The Commonwelath Games gold medallists gave a tough fight to fifth-seeded Chinese duo of Tian Qing and Zhao Yunlei in the semi-final before losing the rubber 14-21, 16-21 in 38 minutes last night at the Wembley arena.
However, Jwala and Ashwini achieved what no other Indian shuttler could do in the last 28 years, ending the country`s medal drought in the flagship event.
The only other medal for India in the championship came way back in 1983 when Prakash Padukone bagged the men`s singles bronze in Copenhagen, Denmark.

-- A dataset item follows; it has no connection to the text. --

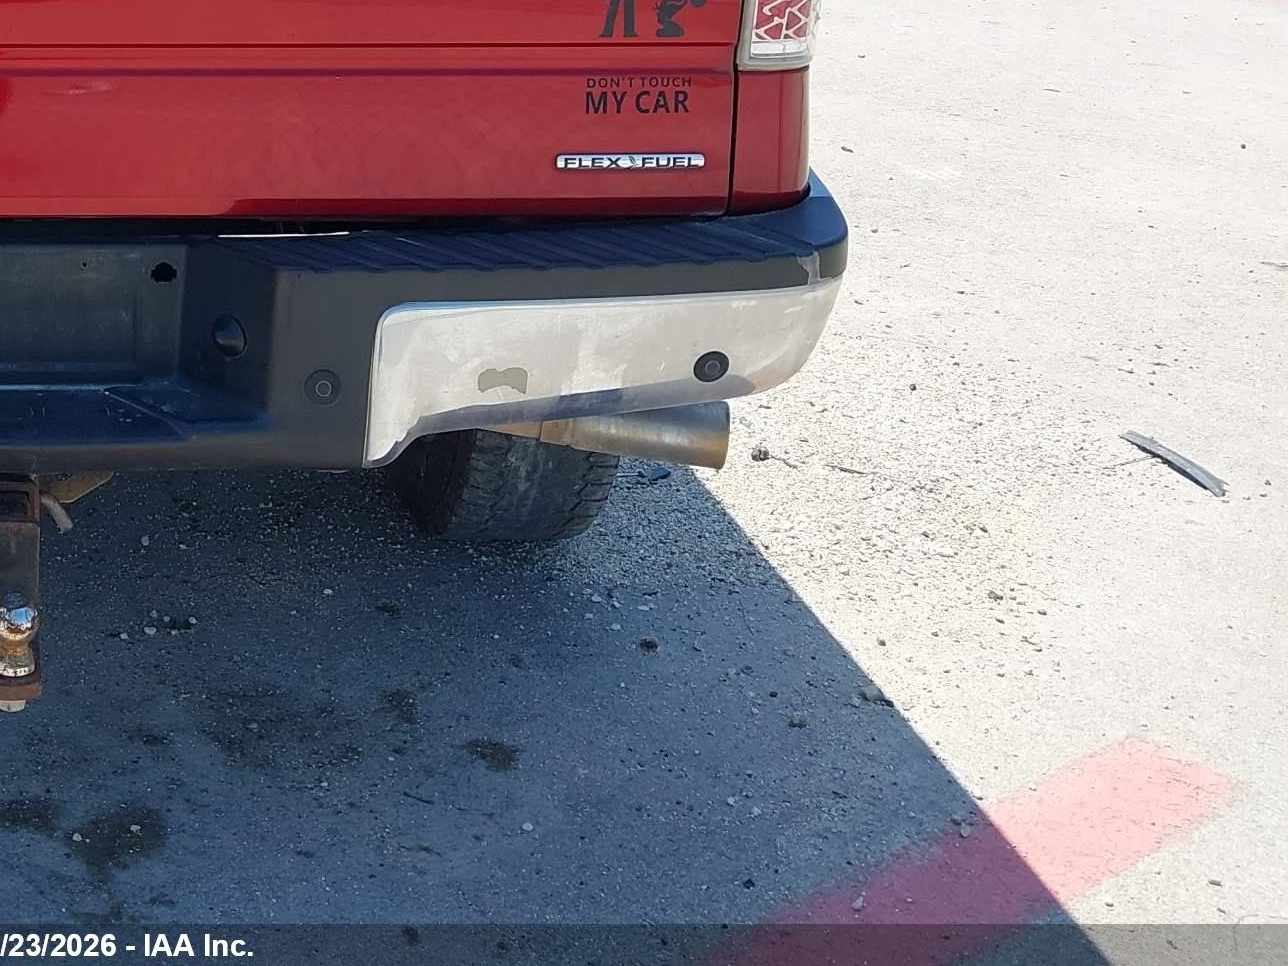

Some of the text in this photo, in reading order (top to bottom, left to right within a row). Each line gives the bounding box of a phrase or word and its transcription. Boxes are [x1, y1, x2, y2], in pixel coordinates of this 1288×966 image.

[586, 76, 692, 88] DON'T TOUCH
[585, 90, 690, 114] MY CAR
[563, 156, 699, 168] FLEX FUEL
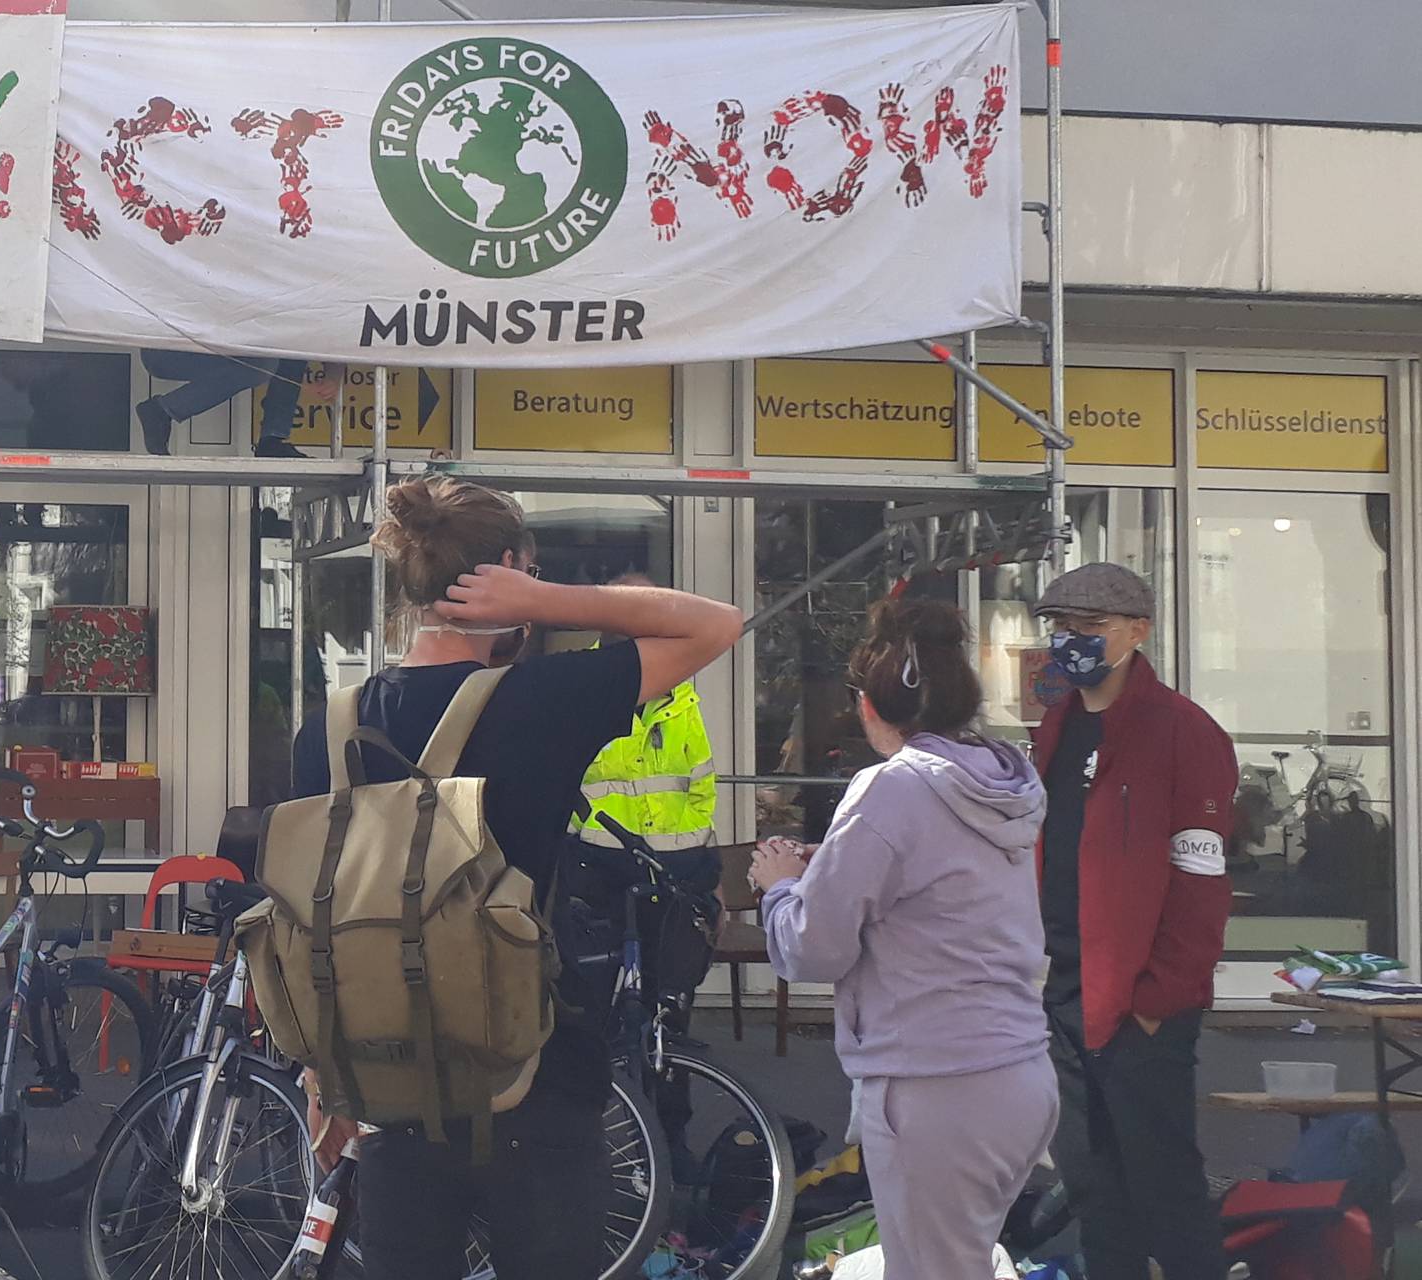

En route to the last four round, giant-killers Jwala and Ashwini had stunned second seeds Wen Hsing Cheng and Yu Chin Chien of the Chinese Taipei in the second round before disposing off 12th seeded Indonesian pair of Vita Marrisa and Nadya Melati in the quarterfinals.
However, in Saturday`s semi-final, Jwala and Ashwini were slow in getting off the blocks as their Chinese opponents raced to a 6-2 lead before the Indian pair forced a comeback to level the scores at 8-8.
But the surge was short-lived as Ashwini, playing her first-ever World Championships semifinal, seemed to be awestruck by the occasion and in the process committed a number of unforced errors to hand the Chinese pair a crucial 13-8 lead.
From there on, Qing and Yunlei mantained their lead and, helped by some more unforced errors from the world number 21 pair, pocketed the first game 14-21.
The second game was no different as the Chinese dominated the proceedings with their quick movements and co-ordination to surge to 9-3 and then 11-6 lead at the break.
But the Indians, with Jwala at the forefront, made a strong comeback after the break to reduce the margin at 16-17.
Qing and Yunlei ensured the end of Indian pair`s giant-killing spree by winning four straight points to settle the tie and book a place in the final.
Disappointed to lose out on a place in the final, but the less-experienced among the Indian girls, Ashwini said this experience will be benificial for them in next year`s London Olympics.
"We did well under pressure but we are a little disappointed. I think we played very well but needed to be more cautious," she said.
"We have a feel for the stadium now and for next year and the Olympics."